The financial information provider is effectively bidding for itself. A new holding company - Reuters Group plc - is to offer 13 new shares and pounds 13.60 in cash for every 15 existing Reuters shares. The move will return a total of pounds 1.5bn to shareholders, leaving the company with net debt on its balance sheet for the first time since 1981.
Rob Rowley, finance director, said the move would improve the company's return on capital. "When you have cash earning a 5 per cent return and shareholders looking for 10 per cent you have a bit of a drag on your performance," he explained.
Mr Rowley said the plan would cost Reuters about pounds 30m in one-off tax and other costs, but avoided the huge Advance Corporation Tax (ACT) bill that share buybacks normally incur. "If we had not done this the scale of the deal would have been limited to half the size," he said. Although Gordon Brown, the Chancellor, announced the abolition of ACT last month, it will not be fully phased out until 1999.
Investors have long criticised Reuters for hoarding cash. An attempt to return pounds 613m to shareholders last year was thwarted when the Inland Revenue changed the rules on tax credits attached to special dividends. However, Reuters said the new scheme had full approved Inland Revenue approval.
The announcement went down well with investors, who pushed Reuters shares up 30.5p to 710p. "It's good news," said an analyst. "It should improve their return on capital."
The move is expected to release a wave of capital from other companies eager to hand back cash to shareholders. SBC Warburg Dillon Read, the merchant bank which designed the Reuters scheme, is talking to at least another six companies with similar plans. "The pipeline is fuller now than it has ever been," said corporate financier Max Ziff.
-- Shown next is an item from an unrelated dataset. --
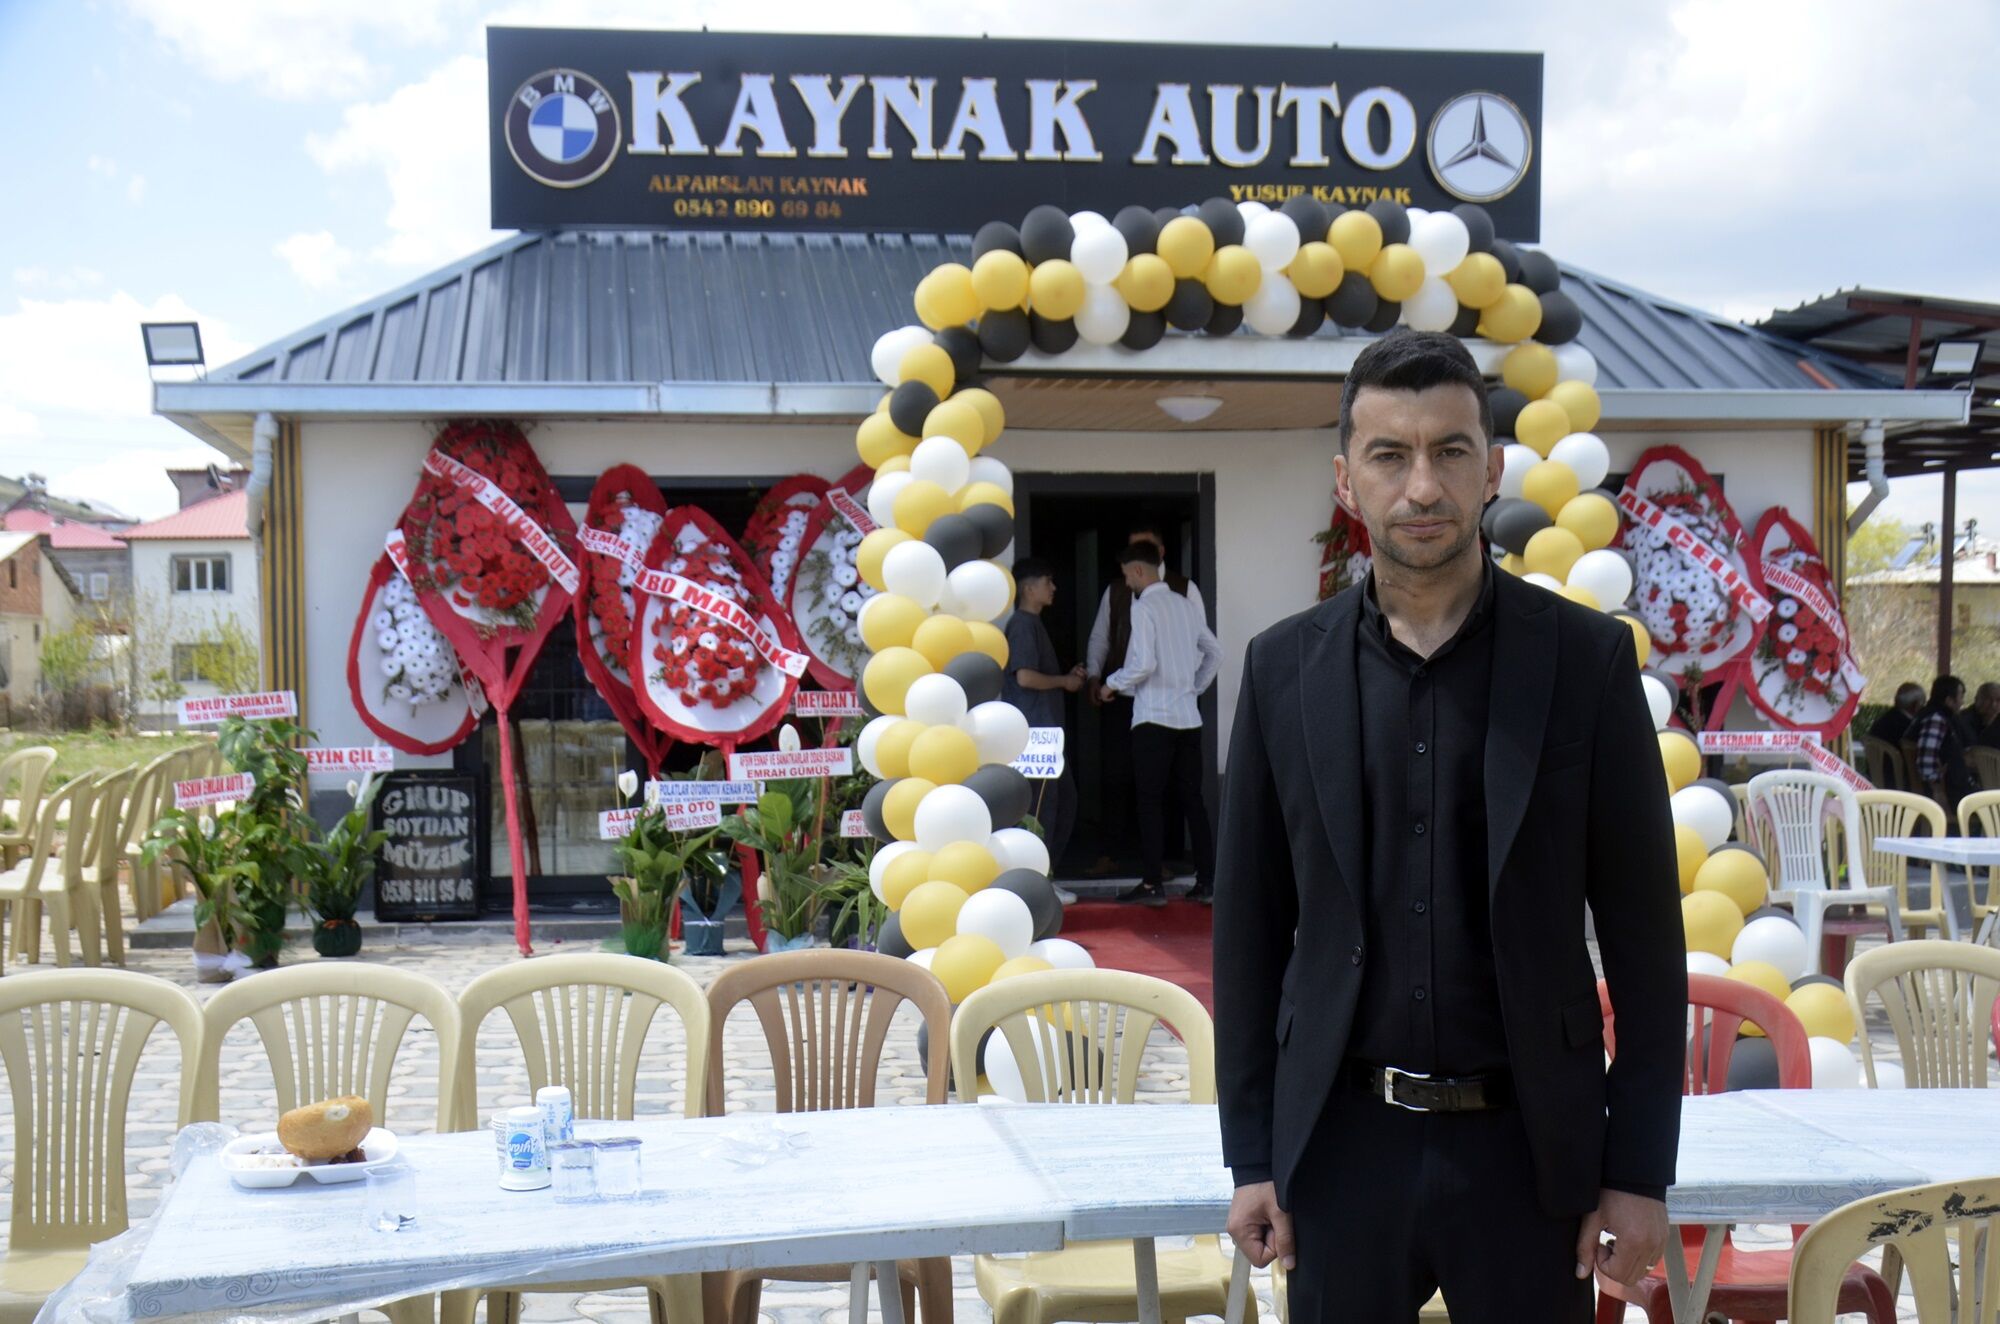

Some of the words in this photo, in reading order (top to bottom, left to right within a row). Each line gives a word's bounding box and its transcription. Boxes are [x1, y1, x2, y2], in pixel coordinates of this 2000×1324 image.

Warburgs calculates that over pounds 9.5bn has been returned to shareholders by companies since October 1996. But that's just a small proportion of the amounts companies could hand back. "UK plc is undergeared compared with the rest of the world," said Mark Tinker, UK equity strategist at investment bank UBS.
He calculates that if British companies took on the same level of debt as companies elsewhere, they would be able to buy back shares worth pounds 100bn. Cash-rich companies like Marks & Spencer and Bass are prime candidates to take on more debt.
Mr Tinker said the abolition of dividend tax credits in July's budget had reduced the attraction of dividends for investors, making it easier for companies to buy back shares. However, the continued existence of ACT - which requires companies to pay tax up front on any money they pay to shareholders -- made large buybacks impossible, prompting groups like Reuters to devise complex schemes that avoided ACT.
Now that ACT is to be abolished, however, companies will be free to buy back as many shares as they like. Indeed, Reuters announced yesterday that, in addition to the pounds 1.5bn pay out, it would buy back shares worth pounds 200m during 1998.